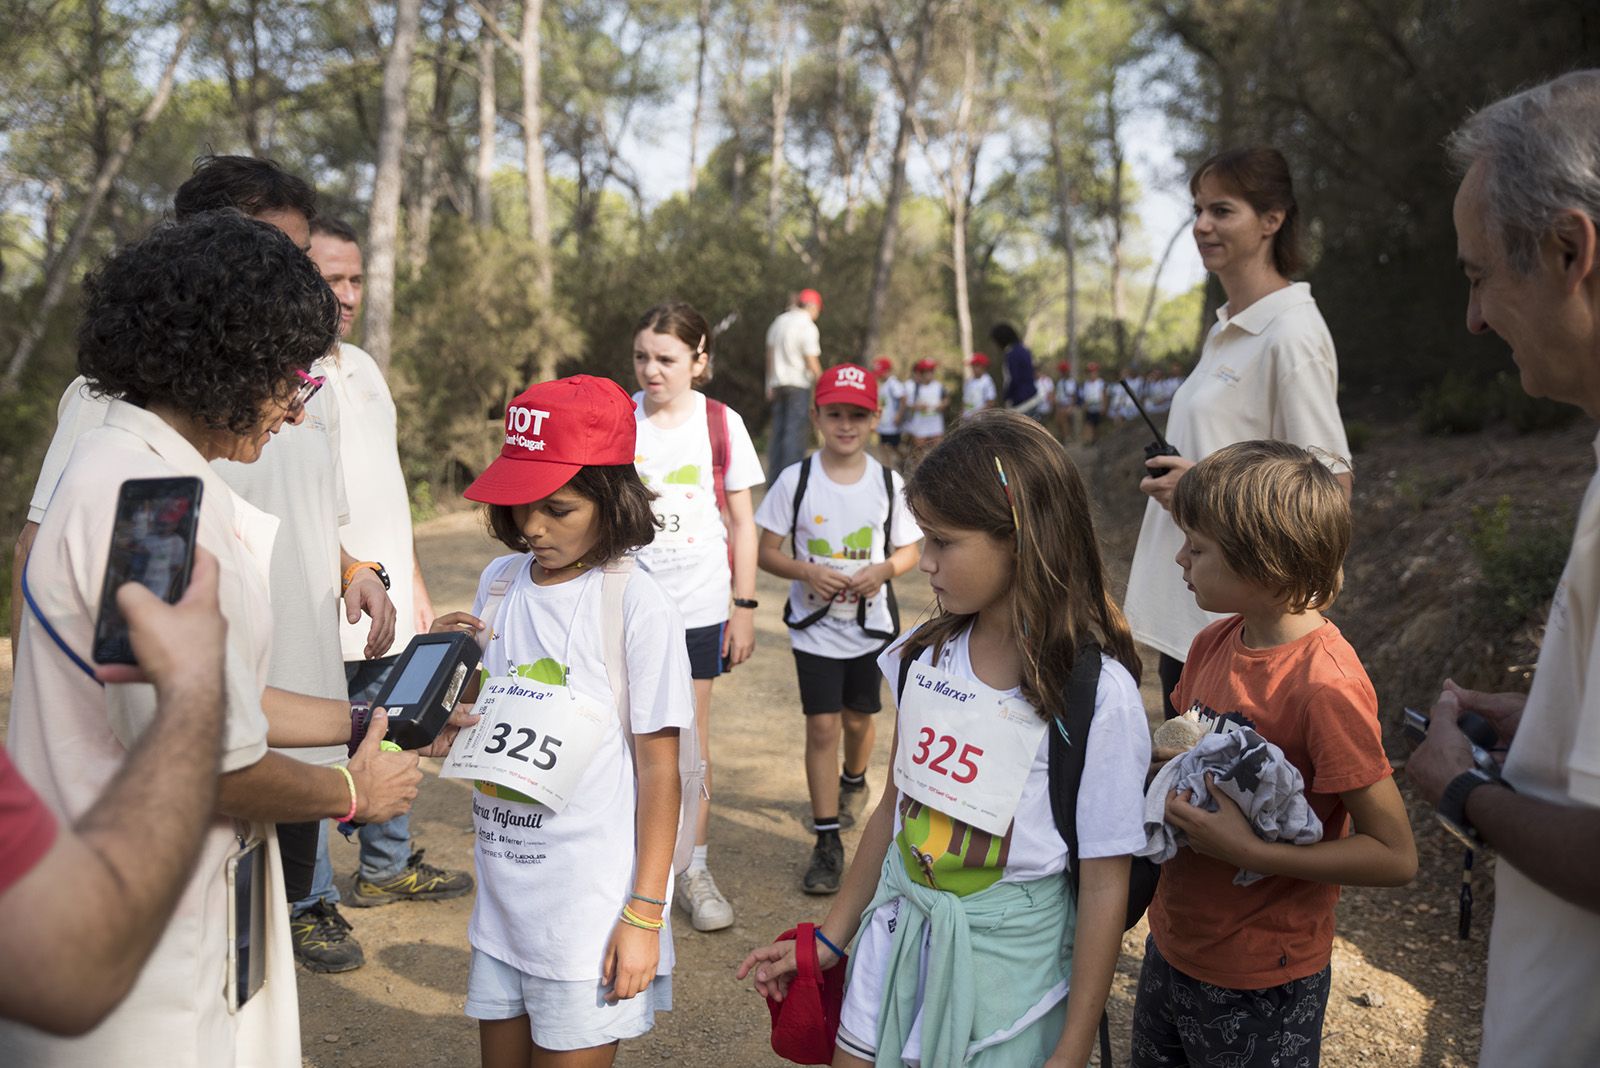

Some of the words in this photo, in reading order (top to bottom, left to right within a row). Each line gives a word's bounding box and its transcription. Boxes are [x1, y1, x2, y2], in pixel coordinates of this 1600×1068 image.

[837, 366, 866, 383] TOT
[508, 406, 550, 436] TOT
[519, 436, 546, 451] Cugat
[489, 685, 504, 694] “La
[507, 685, 553, 700] Marxa”
[915, 673, 933, 689] “La
[934, 680, 976, 703] Marxa”
[484, 722, 562, 771] 325
[912, 726, 984, 784] 325
[492, 807, 543, 829] Infantil
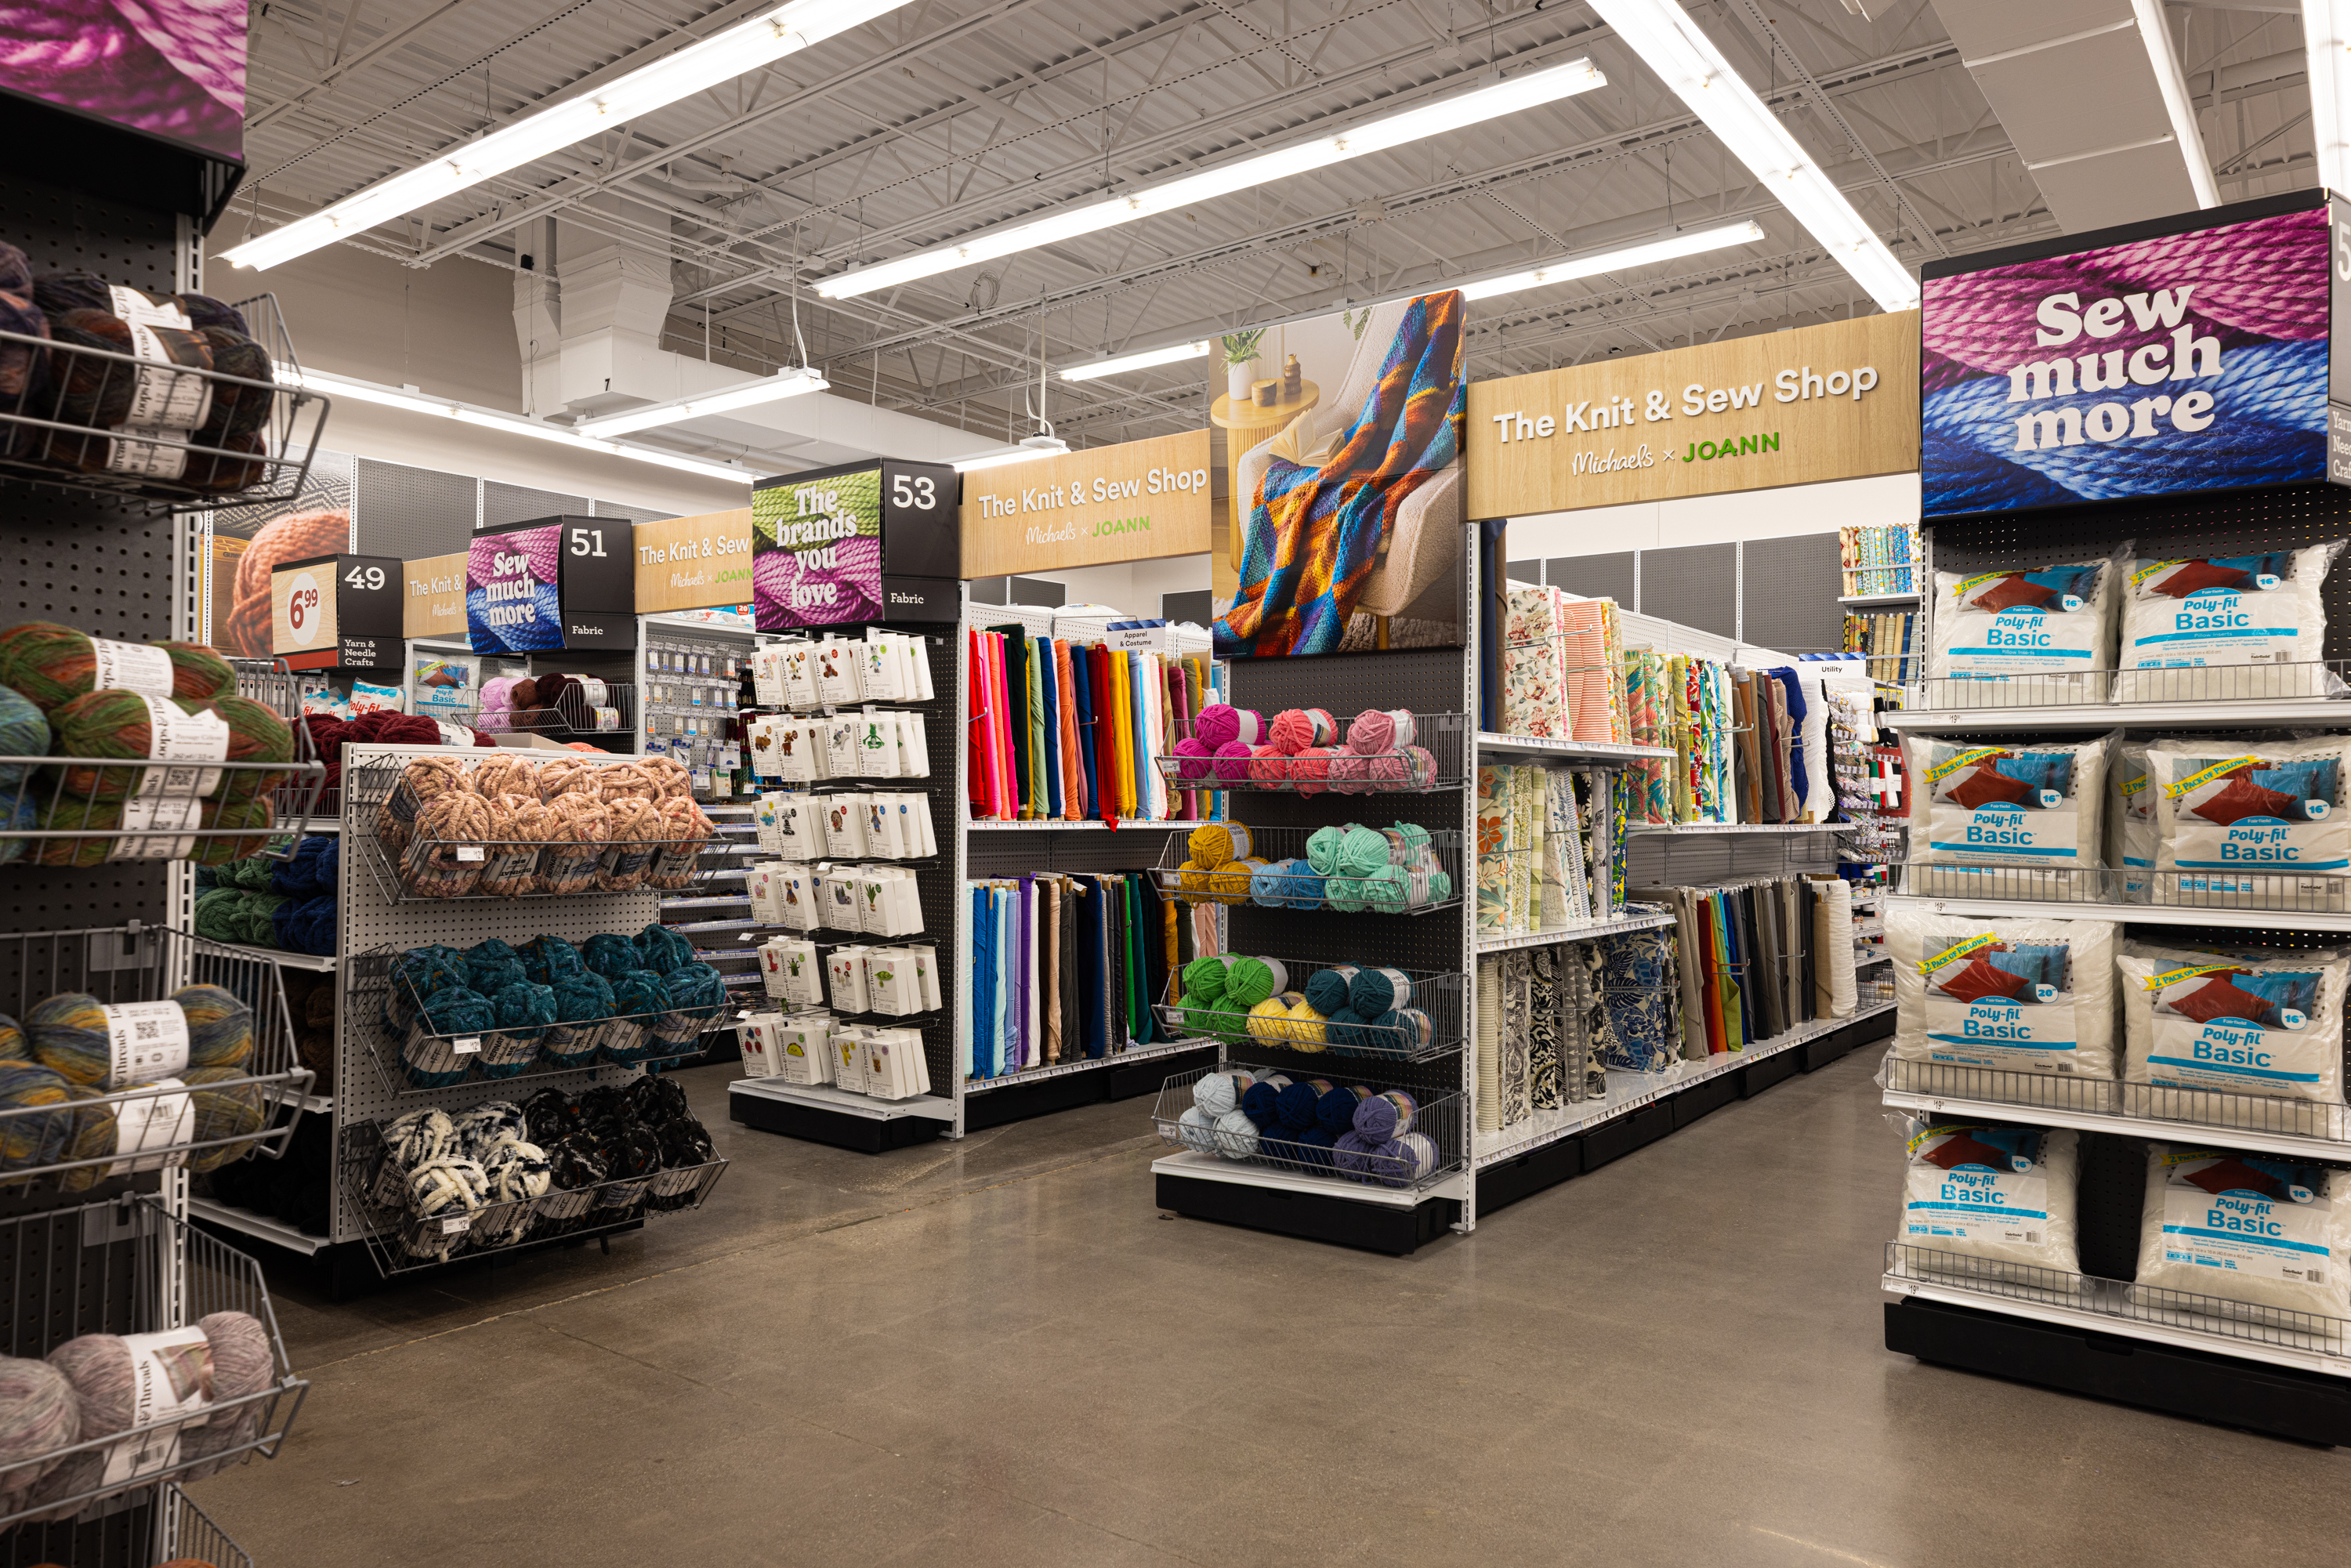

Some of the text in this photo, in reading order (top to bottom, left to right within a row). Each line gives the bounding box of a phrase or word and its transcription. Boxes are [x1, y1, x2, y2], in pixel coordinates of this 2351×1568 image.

» **TASK DETAILS**
Please restate the whole listing exactly, without any of its pictures.

» **EXERCISE RESPONSE**
Some of the words in this photo, in reading order (top to bottom, left to right within a row). Each line gives a word's bounding box and its transcription. Boxes are [x1, y1, x2, y2], in pixel coordinates of this 1600×1068 image.

[837, 366, 866, 383] TOT
[508, 406, 550, 436] TOT
[519, 436, 546, 451] Cugat
[489, 685, 504, 694] “La
[507, 685, 553, 700] Marxa”
[915, 673, 933, 689] “La
[934, 680, 976, 703] Marxa”
[484, 722, 562, 771] 325
[912, 726, 984, 784] 325
[492, 807, 543, 829] Infantil

Some of the text in this photo, in reading order (top to bottom, left to right within a row). Each line gives the bounding box of a phrase or word and its transcription. Boxes are [x1, y1, x2, y2], in pixel coordinates of this 2351×1568 image.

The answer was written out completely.